A pied, seul dans la rue
Souvent, c’est à pied que votre enfant se rend au collège. Cela ne s’improvise pas : aidez-le à devenir autonome dans tous ses déplacements piétons.
Comment le préparer ?
À l’entrée au collège, pour l’aider à se familiariser et à être rassuré sur ce nouveau trajet, vous pouvez le parcourir avec lui, afin d’en repérer les pièges.
Évoquez avec lui les variations d’horaires propres au collège et faites-lui en comprendre les conséquences en les expérimentant. Par exemple : la traversée d’une rue peu passante sur un passage pour piétons non muni de feux peut être facile à 15h et se révéler beaucoup plus compliquée en heure de pointe, vers 17 ou 18h, lorsque les conducteurs, oubliant l’une des règles élémentaires du code de la route, ne laissent pas volontiers la priorité aux piétons !

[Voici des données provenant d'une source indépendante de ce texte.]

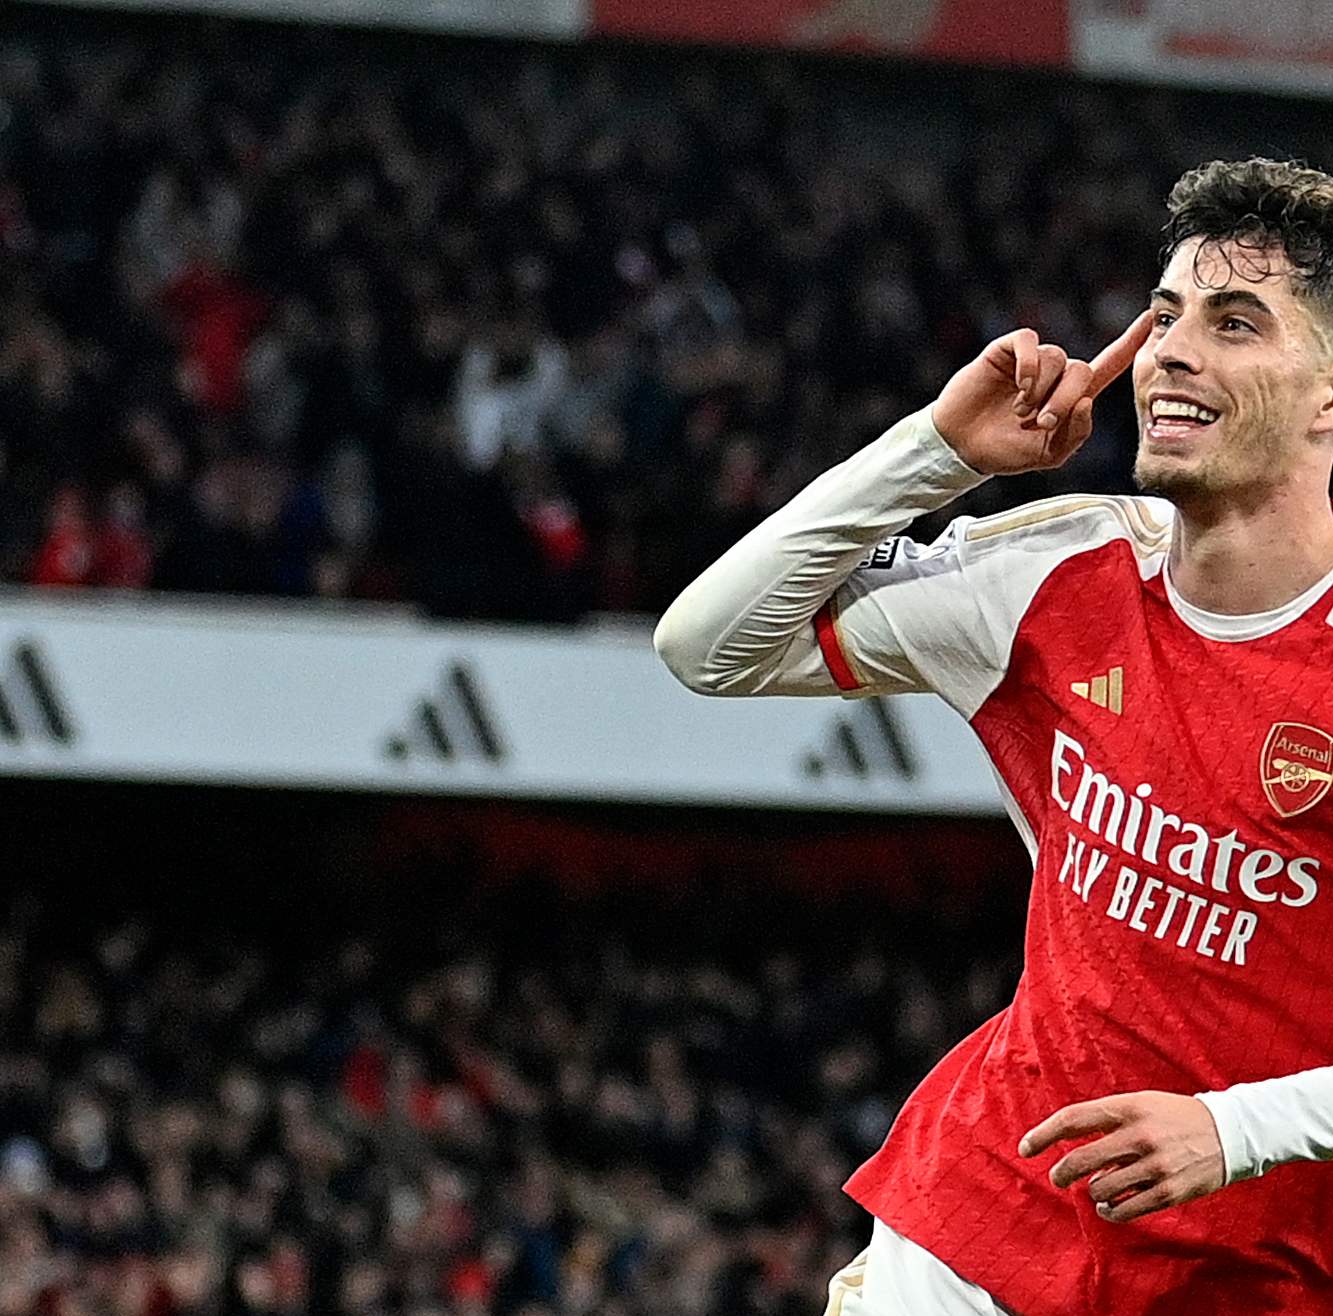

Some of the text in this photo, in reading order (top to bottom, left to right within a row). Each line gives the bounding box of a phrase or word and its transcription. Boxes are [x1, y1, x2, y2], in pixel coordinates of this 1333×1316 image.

[1051, 728, 1321, 907] Emirates
[1276, 737, 1328, 764] Arsenal
[1058, 832, 1258, 966] FLY BETTER
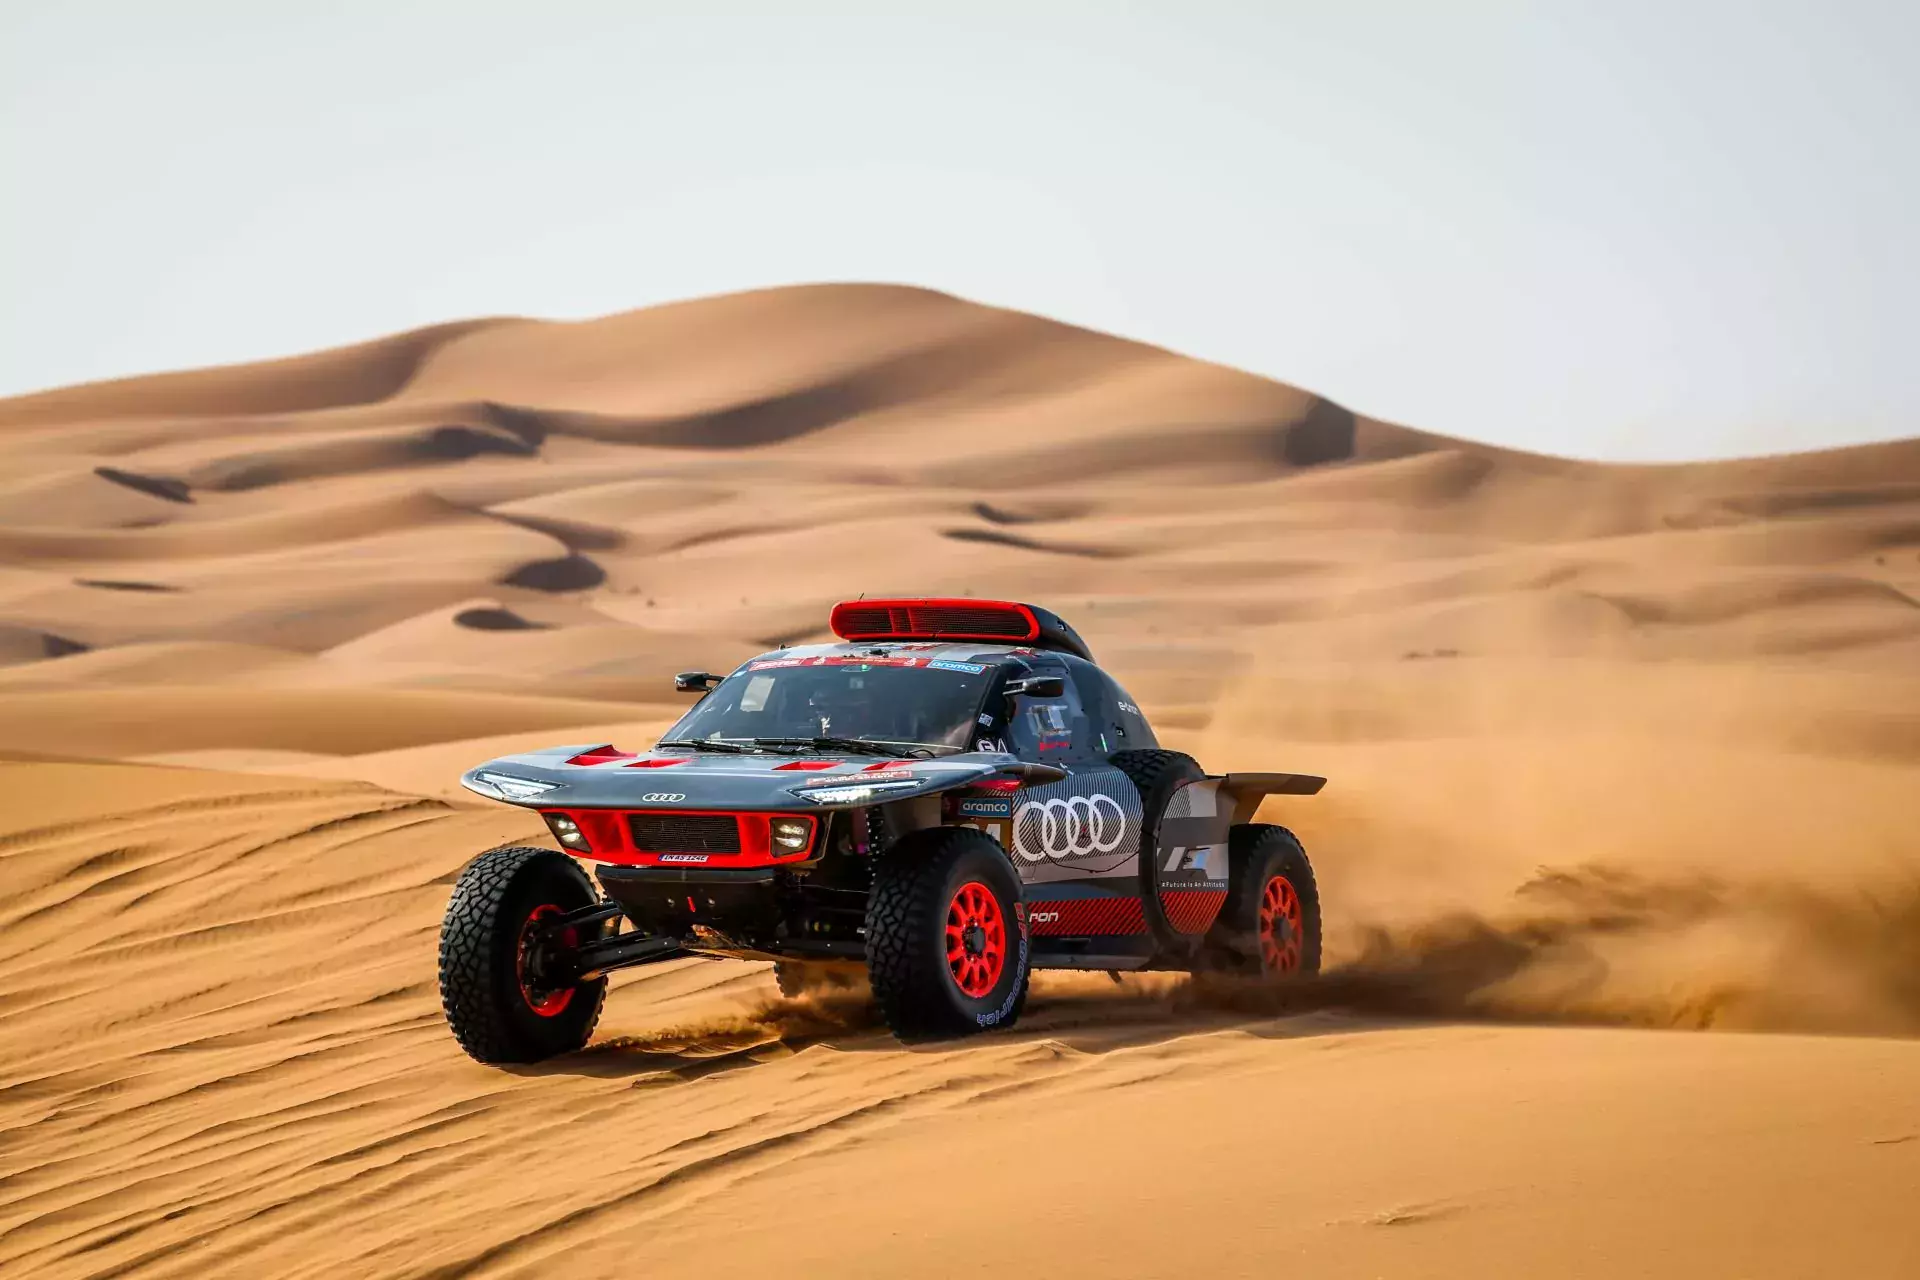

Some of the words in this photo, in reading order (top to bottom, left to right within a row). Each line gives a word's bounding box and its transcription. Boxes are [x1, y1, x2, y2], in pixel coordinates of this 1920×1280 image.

[932, 660, 979, 671] aramco
[962, 803, 1008, 812] aramco
[1029, 912, 1059, 922] ron

Rappelez-lui qu’il doit s’organiser. S’il prépare son cartable et ses vêtements la veille, il pourra partir à l’heure et évitera de « stresser » pendant le trajet. Le retard est un motif d’angoisse qui peut l’inciter à prendre des risques inutiles sur le chemin de l’école.
La nuit, au petit matin ou au crépuscule, faites porter à votre enfant des vêtements clairs, si possible avec un cartable et des chaussures munis de bandes rétroréfléchissantes.
Dans la mesure du possible, indiquez-lui les endroits éclairés où il pourra traverser avec un maximum de sécurité.
Il n’est pas encore assez mûr pour emmener son plus jeune frère
Par souci de commodité, on demande souvent à un "grand" d’emmener ou de ramener un enfant plus jeune, scolarisé dans le même établissement ou dans un établissement voisin : ce n’est pas une très bonne idée !
À 10-12 ans, un enfant n’est pas encore suffisamment mûr pour assumer la responsabilité d’accompagner quotidiennement un enfant plus jeune. Il doit déjà se préoccuper de SA propre sécurité et il lui serait difficile de gérer en même temps celle d’un petit, éventuellement turbulent, ou moins obéissant qu’avec ses parents.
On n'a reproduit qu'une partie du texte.